Published on : 03 May 20214 min reading time
Different forms of urinary tract infection manifestation
The urinary system is composed of the two kidneys and their ureters that connect them to the bladder. Then, the urethra evacuates the urine present in the bladder through the urethral meatus at each urination. If the infection is located in the kidneys, it is defined as pyelonephritis. If it is located in the bladder, it is called cystitis. But pyelonephritis can complicate cystitis. A simple acute cystitis is an infection with only urinary symptoms such as burning urine or cloudy urine. But it is said to be complicated if the urinary signs are associated with fever or lower back pain. These signs are often seen in a person with pyelonephritis. However, complicated cystitis is also similar to recurrent cystitis. This recurrence is due to untreated risk factors or poorly conducted treatment. The prescription of medication for cystitis, such as antibiotics, should not be done lightly. Indeed, a poorly conducted treatment of cystitis can generate antibiotic resistance. However, a new molecule that reduces the appearance of treatment-resistant bacteria has recently demonstrated its effectiveness in treating urinary tract infections.
Urinary tract infection and its treatment with medication.
A complicated urinary tract infection involving the kidneys is always a therapeutic emergency. It may require both hospitalization and antibiotic therapy depending on the severity of the infection as determined by the physician. However, a simple cystitis in a person with no tare usually evolves towards recovery even without treatment. However, to ensure your recovery, your doctor will prescribe a one-shot antibiotic treatment or a five-day antibiotic treatment. For a simple cystitis with a complicating factor (pregnancy, diabetes…), a five-to-seven-day course of antibiotics is indicated depending on the molecule used. For recurrent cystitis that occurs more than four times a year, each episode is treated as a simple cystitis. But currently, more and more germs are resistant to antibiotics, hence the interest in a new treatment. The discovery of the D-Mannose molecule has innovated the prevention and treatment of urinary tract infections. In addition, this new treatment will allow everyone to have access to a treatment, a urinary infection treatment without prescription.

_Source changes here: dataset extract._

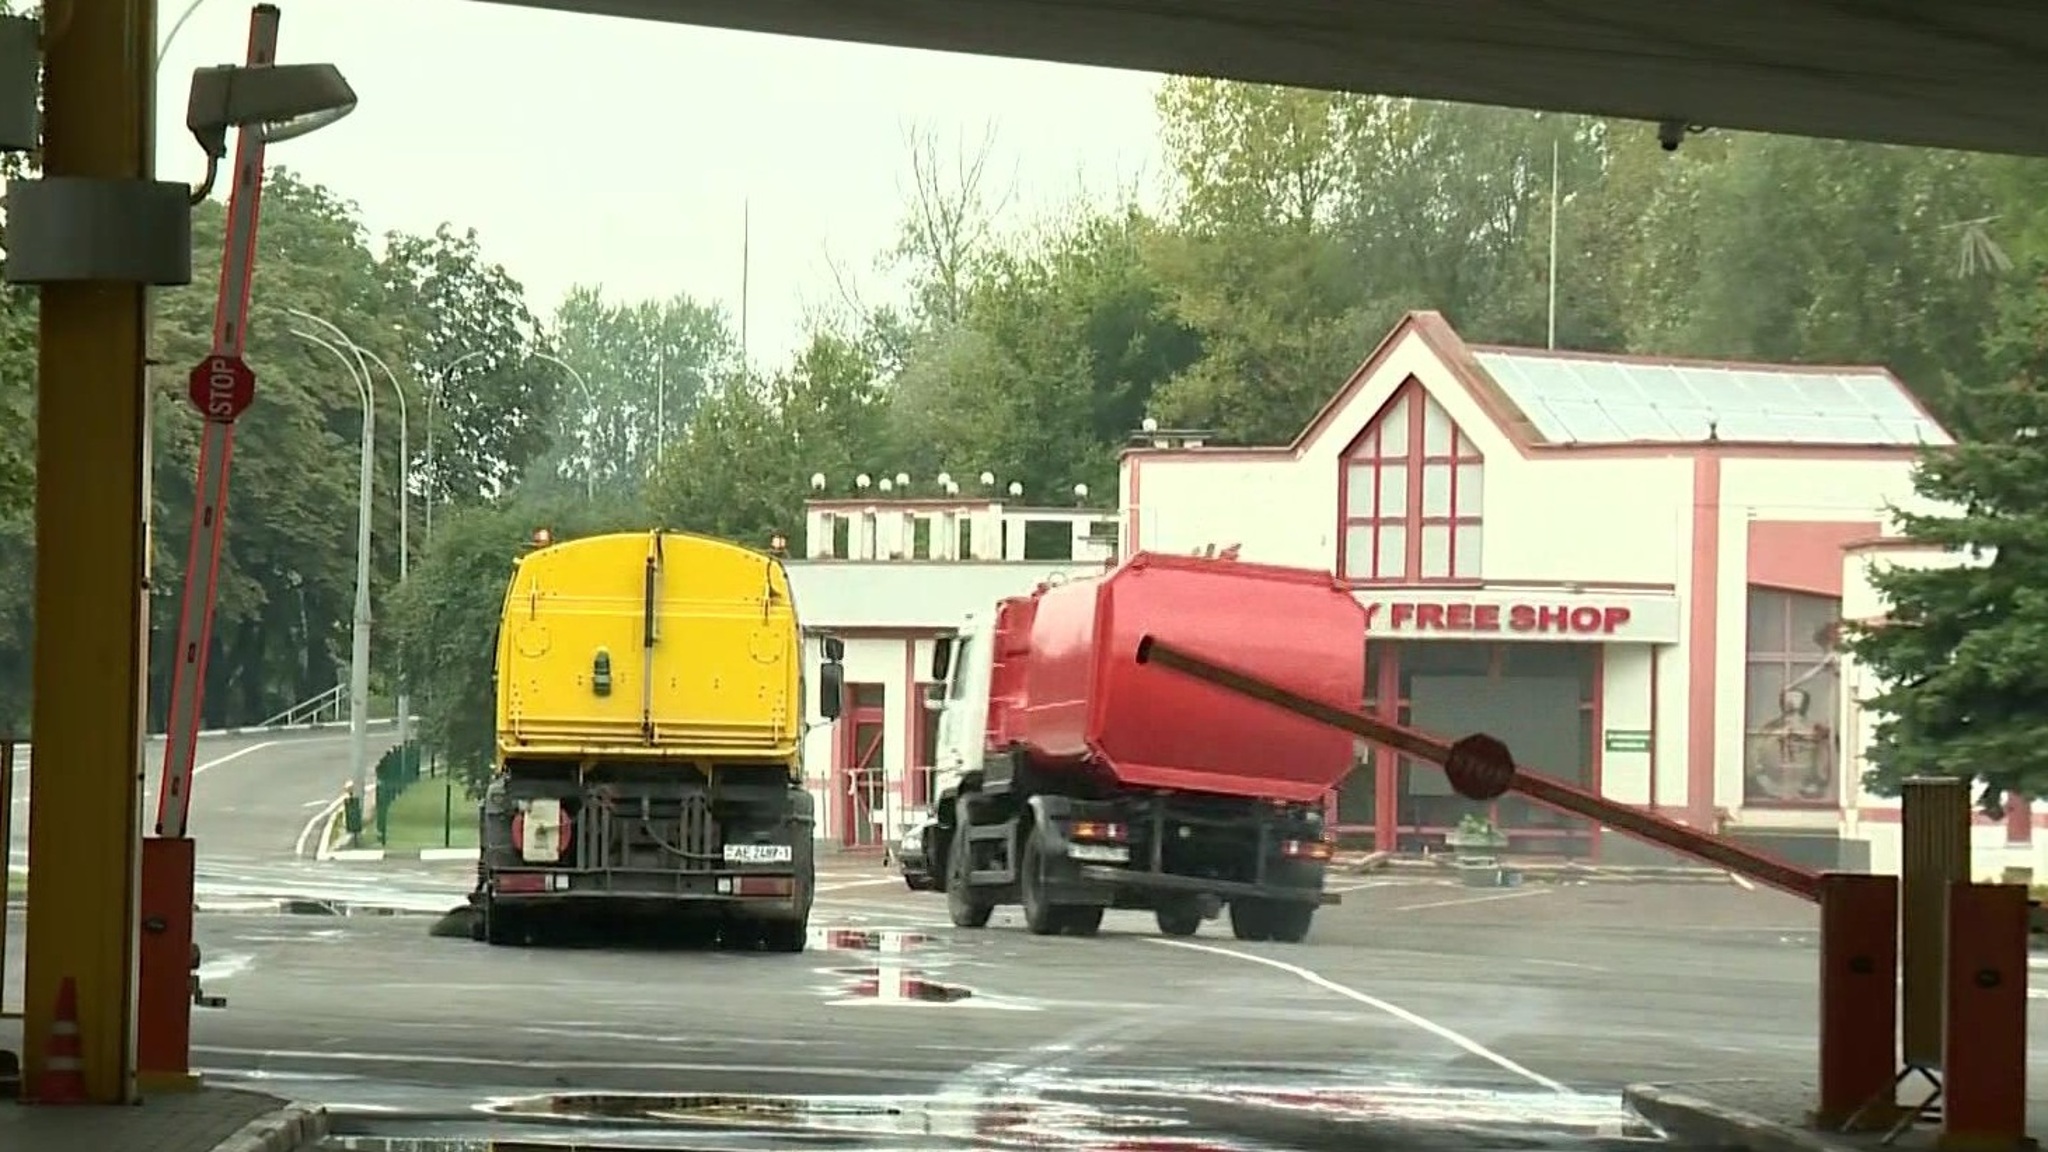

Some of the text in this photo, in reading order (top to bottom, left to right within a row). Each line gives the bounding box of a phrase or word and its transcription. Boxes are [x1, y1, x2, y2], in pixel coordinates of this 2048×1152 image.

[208, 359, 235, 415] STOP
[1390, 603, 1500, 631] FREE
[1509, 604, 1631, 633] SHOP

Urinary tract infection and prevention
Preventive measures have an important place in the treatment of a disease. Thus, hygienic and dietary measures and good lifestyle habits are also important in the treatment of cystitis. Urinary stasis favors the occurrence of cystitis, so it is necessary to avoid voluntary retention of urine. Then, as the lack of water intake decreases the frequency of emptying the bladder, it also leads to the appearance of an infection. Therefore, you should drink at least one and a half liters of water per day. Regular transit is recommended to avoid any discomfort to bladder emptying. In addition to this, you should always treat a genital infection. In terms of lifestyle habits, post-coital cystitis can be prevented by urinating after every sexual encounter. Regarding intimate hygiene, you must have a happy medium, i.e., not too much, but enough to avoid an imbalance of the flora. Your toilet should always go from front to back to prevent microbial contamination. Finally, it is not recommended to wear tight-fitting or synthetic clothing.
Urinary tract infection: people who are at risk
Like any disease, it is ideal to know who is at risk of getting it. Women are the most likely to get a UTI. This can be explained by the shorter length of the urethra in women than in men. A shorter length allows for easier contamination. The urinary stasis observed in pregnant women and men with a large, compressed prostate explains why they are at risk. A person with diabetes is at risk because the sugar eliminated in the urine favors the proliferation of microbes. People with malformations of the urinary tract and neurological diseases are at risk, because the emptying of the bladder is imperfect: either there is reflux or there is voiding residue. Finally, immunocompromised people (cancer patients, transplant patients or HIV patients) and patients with chronic renal failure are also at risk.